Ma le organizzazioni internazionali per i diritti umani e i gruppi di opposizione con sede all’estero accusano le forze statali di essere dietro le uccisioni senza precedenti durante le proteste, perpetrate principalmente nelle notti tra l’8 e il 9 gennaio.

Il governo iraniano afferma che sono state uccise 3.117 persone, ma l’agenzia di stampa per gli attivisti per i diritti umani (HRANA) con sede negli Stati Uniti afferma di aver documentato quasi 7.000 vittime e sta indagando su oltre 11.600 casi. Il relatore speciale delle Nazioni Unite sull’Iran, Mati Sato, ha affermato che più di 20.000 persone potrebbero essere state uccise mentre le informazioni circolano nonostante i pesanti filtri di Internet.

Al Jazeera non può verificare in modo indipendente queste cifre.

Tra le numerose segnalazioni secondo cui dozzine di personale medico sono stati arrestati per aver curato manifestanti feriti e rimangono incarcerati in condizioni difficili, sabato scorso la magistratura iraniana ha respinto le accuse.
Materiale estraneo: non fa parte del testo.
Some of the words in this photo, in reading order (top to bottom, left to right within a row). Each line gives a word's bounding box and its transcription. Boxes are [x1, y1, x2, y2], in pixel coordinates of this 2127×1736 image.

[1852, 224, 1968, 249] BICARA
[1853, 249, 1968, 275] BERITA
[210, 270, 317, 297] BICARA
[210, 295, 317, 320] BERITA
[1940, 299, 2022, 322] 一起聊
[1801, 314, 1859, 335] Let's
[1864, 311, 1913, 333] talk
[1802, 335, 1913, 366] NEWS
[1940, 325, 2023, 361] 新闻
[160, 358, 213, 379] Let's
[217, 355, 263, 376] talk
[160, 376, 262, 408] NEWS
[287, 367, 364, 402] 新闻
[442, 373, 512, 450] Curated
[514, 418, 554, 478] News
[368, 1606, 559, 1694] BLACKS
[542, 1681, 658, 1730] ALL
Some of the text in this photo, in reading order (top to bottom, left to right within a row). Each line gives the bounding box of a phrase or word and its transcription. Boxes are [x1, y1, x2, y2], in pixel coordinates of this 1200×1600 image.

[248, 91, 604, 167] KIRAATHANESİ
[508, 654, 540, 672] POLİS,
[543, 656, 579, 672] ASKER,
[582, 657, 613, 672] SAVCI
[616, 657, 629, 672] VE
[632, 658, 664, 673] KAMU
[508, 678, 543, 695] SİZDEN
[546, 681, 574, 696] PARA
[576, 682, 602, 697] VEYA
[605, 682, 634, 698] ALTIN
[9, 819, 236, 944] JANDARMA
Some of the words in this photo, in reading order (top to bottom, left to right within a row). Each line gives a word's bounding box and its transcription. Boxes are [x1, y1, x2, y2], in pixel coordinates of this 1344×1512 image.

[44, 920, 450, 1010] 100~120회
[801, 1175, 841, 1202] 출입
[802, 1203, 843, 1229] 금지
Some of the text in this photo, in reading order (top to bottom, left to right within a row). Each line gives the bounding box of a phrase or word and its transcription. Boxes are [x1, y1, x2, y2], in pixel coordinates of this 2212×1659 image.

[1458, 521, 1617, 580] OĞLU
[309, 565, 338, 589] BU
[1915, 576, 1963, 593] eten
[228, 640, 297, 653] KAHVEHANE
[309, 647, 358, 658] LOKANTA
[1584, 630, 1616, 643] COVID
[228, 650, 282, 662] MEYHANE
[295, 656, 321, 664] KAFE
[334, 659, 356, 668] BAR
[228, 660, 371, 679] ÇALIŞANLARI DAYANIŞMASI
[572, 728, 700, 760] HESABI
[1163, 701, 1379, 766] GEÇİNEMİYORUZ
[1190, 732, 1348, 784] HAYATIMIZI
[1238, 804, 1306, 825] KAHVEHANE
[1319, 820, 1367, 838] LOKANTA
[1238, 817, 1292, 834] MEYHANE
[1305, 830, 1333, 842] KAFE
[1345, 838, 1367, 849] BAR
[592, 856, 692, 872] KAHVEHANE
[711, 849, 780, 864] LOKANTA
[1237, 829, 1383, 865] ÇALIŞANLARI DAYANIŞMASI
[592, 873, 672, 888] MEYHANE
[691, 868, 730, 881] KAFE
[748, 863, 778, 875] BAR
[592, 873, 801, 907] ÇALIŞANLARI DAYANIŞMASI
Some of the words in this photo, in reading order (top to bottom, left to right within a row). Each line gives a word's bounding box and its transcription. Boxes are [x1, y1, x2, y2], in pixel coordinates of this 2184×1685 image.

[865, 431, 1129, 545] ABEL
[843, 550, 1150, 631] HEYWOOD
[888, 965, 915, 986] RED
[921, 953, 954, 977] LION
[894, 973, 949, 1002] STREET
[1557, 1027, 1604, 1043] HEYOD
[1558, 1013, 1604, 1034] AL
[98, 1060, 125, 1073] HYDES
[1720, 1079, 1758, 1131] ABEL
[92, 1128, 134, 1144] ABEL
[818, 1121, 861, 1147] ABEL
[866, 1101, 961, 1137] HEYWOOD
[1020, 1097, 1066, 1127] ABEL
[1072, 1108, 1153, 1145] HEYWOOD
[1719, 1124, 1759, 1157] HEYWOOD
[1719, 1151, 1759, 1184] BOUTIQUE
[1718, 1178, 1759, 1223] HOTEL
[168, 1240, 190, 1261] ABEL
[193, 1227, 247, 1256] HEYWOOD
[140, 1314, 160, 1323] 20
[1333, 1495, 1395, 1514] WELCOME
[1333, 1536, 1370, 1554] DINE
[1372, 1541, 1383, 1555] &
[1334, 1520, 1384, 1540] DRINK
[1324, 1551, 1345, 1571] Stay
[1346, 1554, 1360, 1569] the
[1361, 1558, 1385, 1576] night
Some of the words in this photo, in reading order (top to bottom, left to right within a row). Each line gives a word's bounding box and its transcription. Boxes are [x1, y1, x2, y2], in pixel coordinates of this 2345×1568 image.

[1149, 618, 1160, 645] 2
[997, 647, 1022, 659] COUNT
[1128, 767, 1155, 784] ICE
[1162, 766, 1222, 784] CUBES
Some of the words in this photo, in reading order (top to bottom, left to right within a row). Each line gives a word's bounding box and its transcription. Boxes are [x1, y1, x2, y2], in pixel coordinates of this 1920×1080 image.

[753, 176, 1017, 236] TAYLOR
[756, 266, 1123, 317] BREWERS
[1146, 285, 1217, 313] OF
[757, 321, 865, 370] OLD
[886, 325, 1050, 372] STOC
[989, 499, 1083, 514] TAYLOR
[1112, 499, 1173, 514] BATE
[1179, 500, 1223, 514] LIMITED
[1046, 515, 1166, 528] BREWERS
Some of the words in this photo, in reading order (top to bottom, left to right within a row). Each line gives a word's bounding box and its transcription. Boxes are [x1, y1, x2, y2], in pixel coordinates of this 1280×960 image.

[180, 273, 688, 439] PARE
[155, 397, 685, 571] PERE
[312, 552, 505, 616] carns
Si sostiene che solo “un numero limitato di personale medico è stato arrestato per aver partecipato a rivolte e per aver svolto un ruolo sul campo”.

Secondo quanto riferito, anche un gran numero di scolari e studenti universitari sarebbero tra le decine di migliaia arrestati durante e in seguito alle proteste nazionali. La scorsa settimana il Ministero dell’Istruzione ha affermato di non sapere quanti scolari siano stati arrestati, ma ha potuto confermare che da allora sono stati tutti rilasciati.

Domenica il Consiglio di coordinamento delle associazioni di categoria degli insegnanti iraniani ha pubblicato il video di quattro minuti qui sotto, intitolato “200 banchi di scuola vuoti”, che mostra gli scolari e gli adolescenti che sono stati uccisi durante le proteste. Molti erano accompagnati dai genitori quando furono uccisi.

Un mese dopo gli omicidi, innumerevoli famiglie sono rimaste in lutto e continuano a pubblicare online video commemorativi dei loro cari.

Un messaggio su Instagram che invita la comunità internazionale a continuare a parlare del popolo iraniano è stato condiviso più di 1,5 milioni di volte.

“Un mese fa, migliaia di persone si sono svegliate e hanno fatto colazione per l’ultima volta senza saperlo, e hanno baciato la loro madre per l’ultima volta senza saperlo”, si legge nel messaggio. “Hanno vissuto per l’ultima volta e non sono mai tornati.”